And so we went?

While it was only around 70 degrees when my friend Roger and I rode the subway to Yankee Stadium to see our team play the Royals in the 1976 playoffs, the subway system itself always added between 10 and 20 degrees to any trip. But it was on that ride that I experienced one of my fondest moments of adolescence. And one of my fondest moments of living in New York.

A girl, about my age, skin like cocoa, and sporting a reluctant smile, was smashed up against Roger and me and the rest of us — all of us like the proverbial sardines, none of us holding onto anything; there was no need — and she was sweating. I was sweating. Roger was sweating. We were all… you get the picture. But the ride was a teen romance from start to finish. Heavy on imagination and light on action. It started at 86th Street in Manhattan and ended at 161st Street in the Bronx.

One of my least fond memories — and, yes, these vignettes are going somewhere — was not long before we moved from New York to Texas. We lived in a 4th floor walk-up brownstone, cooled and heated by a forced air system through which the neighbor above and below could hear each other fairly easily and with floors that were permeable by sound even if not by grace.

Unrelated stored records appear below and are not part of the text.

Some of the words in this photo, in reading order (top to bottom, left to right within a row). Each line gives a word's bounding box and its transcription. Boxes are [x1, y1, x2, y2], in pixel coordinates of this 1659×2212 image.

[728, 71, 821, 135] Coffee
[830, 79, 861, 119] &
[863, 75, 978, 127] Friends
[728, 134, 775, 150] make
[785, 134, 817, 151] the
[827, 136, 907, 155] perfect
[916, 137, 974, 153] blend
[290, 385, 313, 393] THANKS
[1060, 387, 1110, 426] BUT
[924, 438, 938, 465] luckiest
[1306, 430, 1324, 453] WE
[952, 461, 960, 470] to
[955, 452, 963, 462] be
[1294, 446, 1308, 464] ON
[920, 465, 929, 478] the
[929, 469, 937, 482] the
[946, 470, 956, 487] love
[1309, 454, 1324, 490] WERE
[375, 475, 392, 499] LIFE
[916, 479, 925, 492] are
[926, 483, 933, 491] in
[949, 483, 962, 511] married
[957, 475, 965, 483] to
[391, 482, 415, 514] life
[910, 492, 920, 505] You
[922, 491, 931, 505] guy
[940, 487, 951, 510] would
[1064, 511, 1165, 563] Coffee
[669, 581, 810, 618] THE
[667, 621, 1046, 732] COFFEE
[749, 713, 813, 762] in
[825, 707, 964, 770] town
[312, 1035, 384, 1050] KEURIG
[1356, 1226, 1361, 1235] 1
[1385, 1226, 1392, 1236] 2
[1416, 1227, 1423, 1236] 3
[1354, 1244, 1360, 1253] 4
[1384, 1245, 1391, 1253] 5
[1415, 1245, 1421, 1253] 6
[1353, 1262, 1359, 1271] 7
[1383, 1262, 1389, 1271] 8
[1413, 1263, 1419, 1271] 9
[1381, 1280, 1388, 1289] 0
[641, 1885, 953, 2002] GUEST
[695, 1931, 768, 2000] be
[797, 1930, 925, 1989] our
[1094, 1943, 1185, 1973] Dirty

As the tenants on the top floor, we never had to bother with loud neighbors above but rather had to be aware of our noise and its effects on those below. Starting in late 2007, we had in succession three wonderful neighbors below us, who were the epitome of patience. The first was a family of four. The man was an actor, the wife a former Rockette and then Irish dance studio owner. Their son played the violin (and not so poorly), and their daughter, the piano. The only confrontation, if you could even call it that, was when I was putting together our boys’ bunk beds with a electric drill at around 10pm one school night in advance of my family moving from Massachusetts in a few days. My neighbor, having heard the noise through aforementioned forced air vents and tissue-thin floors, rang my doorbell.

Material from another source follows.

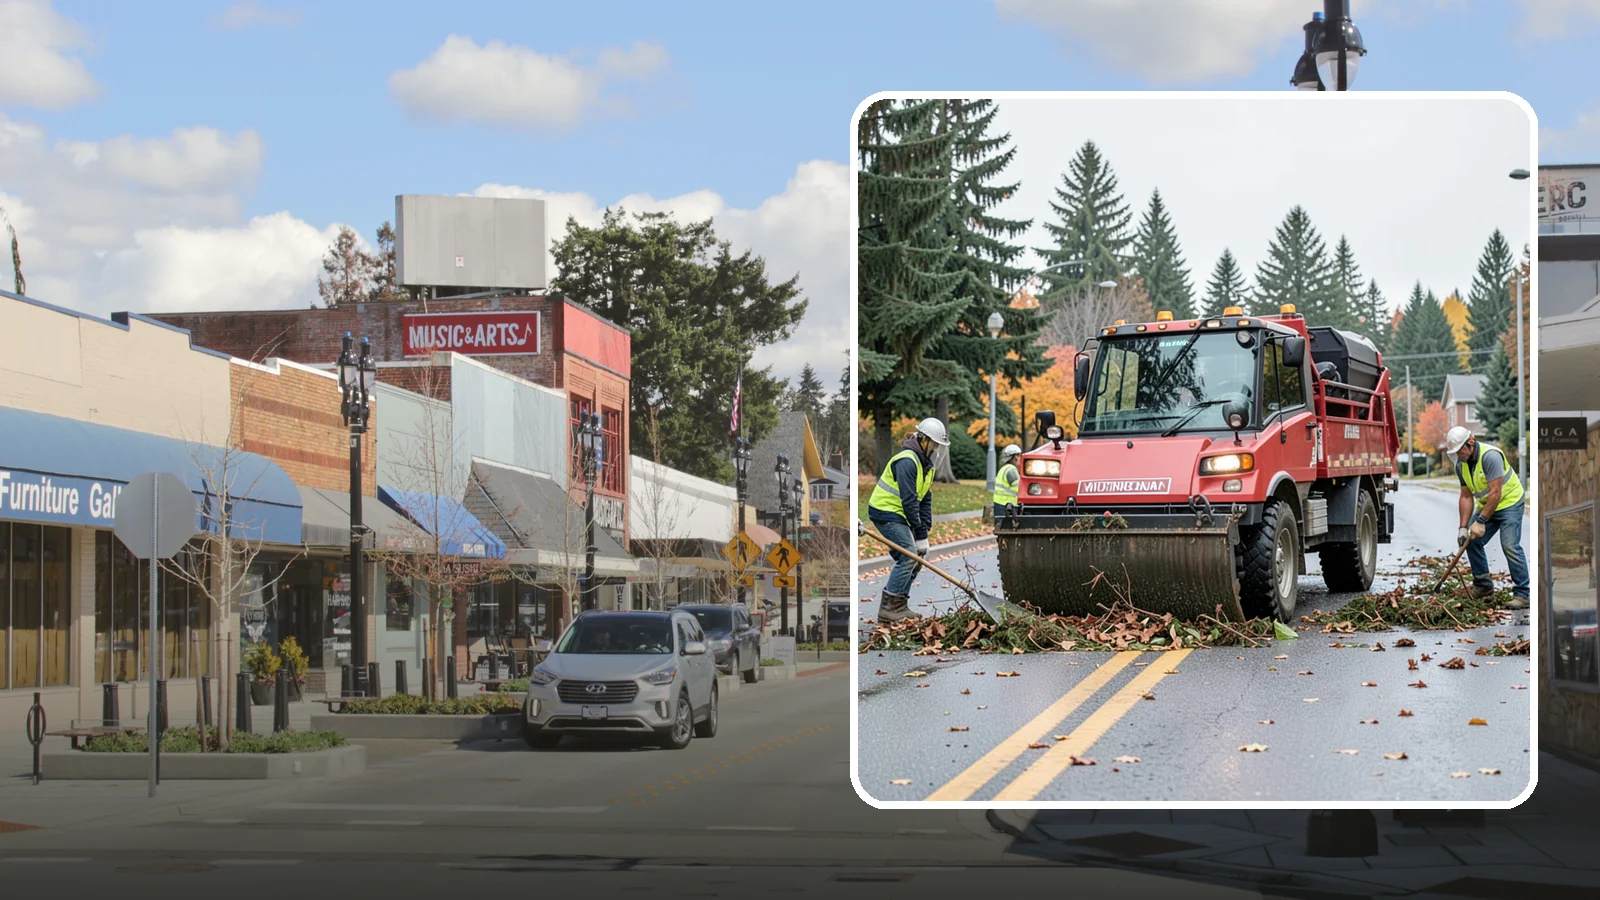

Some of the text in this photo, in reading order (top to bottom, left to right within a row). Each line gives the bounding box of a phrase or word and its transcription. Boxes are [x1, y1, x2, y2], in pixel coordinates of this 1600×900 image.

[0, 471, 121, 519] Furniture Gal
[453, 563, 479, 575] SUSHI

I twisted free the deadbolt and opened the metal door and there was a handsome and obviously in-shape man in a white “wife-beater” t-shirt, with his hands on either side of my doorframe. His biceps introduced him.

“Hey, um,” he started. “My kids are trying to sleep”–I learned then both that there were kids living below us and that sounds could be heard–“and I wonder if you could hold off on the drilling until tomorrow?” I of course obliged, and Peter’s family and mine became quite amiable in our several years of living so closely together. You could say we became amiable because of living so closely together.

After the first three tenants came another.

He apparently told the broker he wanted “quiet,” but as Karen later described it–accurately–what he really wanted was silence. This, promised by a broker who knew that a family of five, including three growing boys, was living on the floor above. And, yes, the broker got paid for this. Our new tenant had lived in big cities before, but never in New York. For whatever reason, living in a dense urban environment didn’t suit him, at least not in this brownstone. He stayed less than a year and then moved to another apartment in New York, one in which, I trust, tenants were not allowed to procreate or walk on floors past 8pm. After him we had another tenant who we got along with favorably, until we moved.

And now I come to the point of this sermon.

Living in a dense environment teaches one a lot about oneself, and it foists upon us certain capacities. Capacities that none of us perfects, including the person typing this. God knows full well that as I have tried to write down a fearless moral inventory, my judgmental attitude toward others and its concomitant resentment are clear and present dangers to me. They are obstacles between me and God that I need to ask God to remove daily, because I often can’t see them clearly. I grew up in a small bedroom with a roommate (my younger brother) for 16 years. I learned not to run up and down the hall in our apartment over our neighbor below us. I also learned that if I was in the hall by the elevator and kicked the soccer ball past the goalie (said brother) and scored against the door of apartment 6D, that Mr. Gorman would be out momentarily to scold us. We had to calculate the risk-reward of my winning a soccer game over being chewed out by an old Irish guy with an attitude. I learned that Mrs. Ziffer, a Jewish lady in the apartment next to us and who had escaped from Poland to London in 1939, just in time to get bombed by the Nazis before moving to the States, always had candy. She became like a grandmother who was always a knock away. So when I went to college and shared a dorm room slightly smaller than my bedroom, it was no sweat. When I moved back to New York and had two roommates in an apartment, it was no sweat. When I rode the subway to work and sweated with the other commuters, it was no sweat.

But here in Kerrville, Texas–as elsewhere, especially in dense urban environments–we are told to stay home as much as possible due to the pandemic or, when venturing out we are asked to take precautions like social distancing, wearing masks, and using hand sanitizer, people on Facebook start posting copies of the Constitution and talking about individual rights.

Let me close with these words of Jesus from Luke 9:23. “If anyone would come after me, let him take up his cross daily and follow me, being ready upon my command to bring down that heavy cross on the head of any numbskull dumb enough to try and stop us. ‘GIT YER GUNS UP!’ ”

Wait. No. That doesn’t sound right. Better check me on that.

Eighty years ago, people were asked to “Go. Leave your home and fight. Be willing to die.” And so they went.

Today, people are asked to “Stay. Sit on your couch and watch Netflix. Be patient.”